[Stored data entries]

----

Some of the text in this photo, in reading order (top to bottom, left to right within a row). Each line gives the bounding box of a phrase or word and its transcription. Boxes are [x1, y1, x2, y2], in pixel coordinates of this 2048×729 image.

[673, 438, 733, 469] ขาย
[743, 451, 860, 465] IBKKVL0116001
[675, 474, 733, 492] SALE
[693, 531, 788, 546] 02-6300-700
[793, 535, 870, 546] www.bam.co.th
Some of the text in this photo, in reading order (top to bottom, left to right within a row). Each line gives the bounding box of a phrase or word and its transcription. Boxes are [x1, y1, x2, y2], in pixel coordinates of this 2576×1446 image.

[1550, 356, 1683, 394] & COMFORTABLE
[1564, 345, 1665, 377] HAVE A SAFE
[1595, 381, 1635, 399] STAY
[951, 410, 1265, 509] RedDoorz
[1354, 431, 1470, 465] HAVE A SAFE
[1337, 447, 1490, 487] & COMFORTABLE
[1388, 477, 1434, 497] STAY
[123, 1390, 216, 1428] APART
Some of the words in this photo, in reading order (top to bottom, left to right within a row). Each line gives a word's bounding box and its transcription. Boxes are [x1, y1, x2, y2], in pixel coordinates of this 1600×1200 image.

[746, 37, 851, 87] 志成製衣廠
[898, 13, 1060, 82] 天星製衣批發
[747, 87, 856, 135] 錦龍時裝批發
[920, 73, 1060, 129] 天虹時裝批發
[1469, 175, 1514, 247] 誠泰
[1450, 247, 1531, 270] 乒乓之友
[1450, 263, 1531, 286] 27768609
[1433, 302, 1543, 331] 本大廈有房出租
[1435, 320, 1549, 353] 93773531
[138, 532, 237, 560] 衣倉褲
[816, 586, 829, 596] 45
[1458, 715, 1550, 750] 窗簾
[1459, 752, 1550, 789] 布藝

----

• **Work instruction**: What is needed is an exact copy of every entry above.

• **Answer to the exercise**:
Some of the text in this photo, in reading order (top to bottom, left to right within a row). Each line gives the bounding box of a phrase or word and its transcription. Boxes are [x1, y1, x2, y2], in pixel coordinates of this 2048×729 image.

[673, 438, 733, 469] ขาย
[743, 451, 860, 465] IBKKVL0116001
[675, 474, 733, 492] SALE
[693, 531, 788, 546] 02-6300-700
[793, 535, 870, 546] www.bam.co.th
Some of the text in this photo, in reading order (top to bottom, left to right within a row). Each line gives the bounding box of a phrase or word and its transcription. Boxes are [x1, y1, x2, y2], in pixel coordinates of this 2576×1446 image.

[1550, 356, 1683, 394] & COMFORTABLE
[1564, 345, 1665, 377] HAVE A SAFE
[1595, 381, 1635, 399] STAY
[951, 410, 1265, 509] RedDoorz
[1354, 431, 1470, 465] HAVE A SAFE
[1337, 447, 1490, 487] & COMFORTABLE
[1388, 477, 1434, 497] STAY
[123, 1390, 216, 1428] APART
Some of the words in this photo, in reading order (top to bottom, left to right within a row). Each line gives a word's bounding box and its transcription. Boxes are [x1, y1, x2, y2], in pixel coordinates of this 1600×1200 image.

[746, 37, 851, 87] 志成製衣廠
[898, 13, 1060, 82] 天星製衣批發
[747, 87, 856, 135] 錦龍時裝批發
[920, 73, 1060, 129] 天虹時裝批發
[1469, 175, 1514, 247] 誠泰
[1450, 247, 1531, 270] 乒乓之友
[1450, 263, 1531, 286] 27768609
[1433, 302, 1543, 331] 本大廈有房出租
[1435, 320, 1549, 353] 93773531
[138, 532, 237, 560] 衣倉褲
[816, 586, 829, 596] 45
[1458, 715, 1550, 750] 窗簾
[1459, 752, 1550, 789] 布藝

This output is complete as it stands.